Emmy Noether(left), and Martine Rothblatt (right).

Female leaders in STEM (Science, Technology, Engineering, and Math) are few and far between, and Jewish female role models in those fields are even harder to find. Enter Emmy Noether, a 19th-century mathematician ahead of her time not only because of the concepts that she studied, but also because as a woman, she was studying them at all. Known today as one of the most influential mathematicians ever to have lived, Noether overcame disrespect and disbelief from her male colleagues, as well as undercompensation to become the “mother of modern algebra.” Born into a time much more accepting of female scientists than Noether’s era, Martine Rothblatt founded her own biotech company to spearhead research that, among other incredible feats, helped save her daughter’s life. With determination as their power and pencils as their tools, Noether and Rothblatt are superheros whose hard work and intellect propelled them to defy the odds and make contributions to the world that will outlive them.

Emmy Noether

Albert Einstein said it best: Emmy Noether was “the most significant creative mathematical genius thus far produced since the higher education of women began.” Constantly underpaid and underrecognized, Noether defied the odds for Jewish women in early 20th-century Germany and pioneered the development of modern abstract algebra.

Born in Erlangen, Germany in 1882, Noether followed her brother and her father into the world of mathematics at the University of Erlangen. One of two women at a school with over 900 students, Noether was only permitted to audit classes instead of fully participate because of her gender. In 1907, she earned her Ph.D. in mathematics from Erlangen, and for the next seven years, she taught at the school but was not compensated for her work. 

In 1915, Noether moved to the University of Göttingen where she worked and lectured as an “assistant” under the name of male colleague David Hilbert. She received no salary until 1923. During her time at Göttingen, Noether proved a theorem, now known simply as “Noether’s theorem,” that has been called one of the most important theorems in the development of modern physics.
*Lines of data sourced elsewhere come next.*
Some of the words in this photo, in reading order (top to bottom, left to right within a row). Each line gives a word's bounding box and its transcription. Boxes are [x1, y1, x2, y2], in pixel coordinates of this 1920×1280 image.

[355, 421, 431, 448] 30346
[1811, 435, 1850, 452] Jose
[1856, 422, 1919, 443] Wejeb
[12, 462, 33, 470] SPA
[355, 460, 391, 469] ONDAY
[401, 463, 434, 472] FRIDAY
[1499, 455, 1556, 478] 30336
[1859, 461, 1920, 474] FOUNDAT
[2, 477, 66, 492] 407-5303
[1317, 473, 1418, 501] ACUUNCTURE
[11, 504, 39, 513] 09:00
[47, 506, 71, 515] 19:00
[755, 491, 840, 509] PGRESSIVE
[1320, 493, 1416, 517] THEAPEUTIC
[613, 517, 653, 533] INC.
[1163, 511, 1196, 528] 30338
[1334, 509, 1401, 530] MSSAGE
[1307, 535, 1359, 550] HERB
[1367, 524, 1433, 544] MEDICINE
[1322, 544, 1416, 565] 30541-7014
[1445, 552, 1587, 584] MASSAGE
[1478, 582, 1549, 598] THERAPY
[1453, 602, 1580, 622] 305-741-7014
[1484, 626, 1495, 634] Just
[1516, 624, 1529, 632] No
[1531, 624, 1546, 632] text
While her theorem about conservation laws and symmetry bears her name, Noether is best known among mathematicians for her work in developing abstract algebra. Noether’s influence on her students was palpable; much of her work was disseminated via the renowned text Moderne Algebra by student B.L. Van der Waerden. Many members of the famed Bourbaki group were also influenced by Noether’s lectures.
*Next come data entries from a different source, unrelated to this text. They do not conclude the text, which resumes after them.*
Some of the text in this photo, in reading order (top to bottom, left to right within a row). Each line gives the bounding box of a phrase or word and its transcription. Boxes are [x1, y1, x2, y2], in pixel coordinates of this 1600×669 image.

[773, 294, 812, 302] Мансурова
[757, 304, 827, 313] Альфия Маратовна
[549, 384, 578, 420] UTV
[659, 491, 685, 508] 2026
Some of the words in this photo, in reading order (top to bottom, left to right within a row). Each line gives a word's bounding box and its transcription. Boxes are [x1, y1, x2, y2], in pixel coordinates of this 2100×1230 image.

Noether was forced out of her job at Göttingen during Hitler’s rise in 1933 as she was not only Jewish, but also female with left-leaning politics. With the help of the Rockefeller Foundation, Noether moved to the United States and found a position at Bryn Mawr College teaching young female mathematicians. She also lectured once a week at Princeton University.
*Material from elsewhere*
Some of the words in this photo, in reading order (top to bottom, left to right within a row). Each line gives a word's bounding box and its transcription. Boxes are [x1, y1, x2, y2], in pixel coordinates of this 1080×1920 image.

Although Emmy Noether spent the majority of her life being pushed behind male colleagues, her work transcended every career obstacle that she faced. Her name has become an adjective, adorning concepts like Noetherian groups, Noetherian rings, and Noetherian modules. And even though her brother was also a mathematician, Emmy Noether was so distinguished that she became known as “der Noether,” “the Noether.”


Martine Rothblatt

A woman in STEM and law, a CEO, an entrepreneur, a grandmother, an activist, and even the pioneer of her own religious movement, Martine Rothblatt does it all. But beyond the endless list of her accomplishments lies Rothblatt’s unique defining characteristic: she has what Google’s Ray Kurzweil described as “a perfect track record in making [her] visions real.”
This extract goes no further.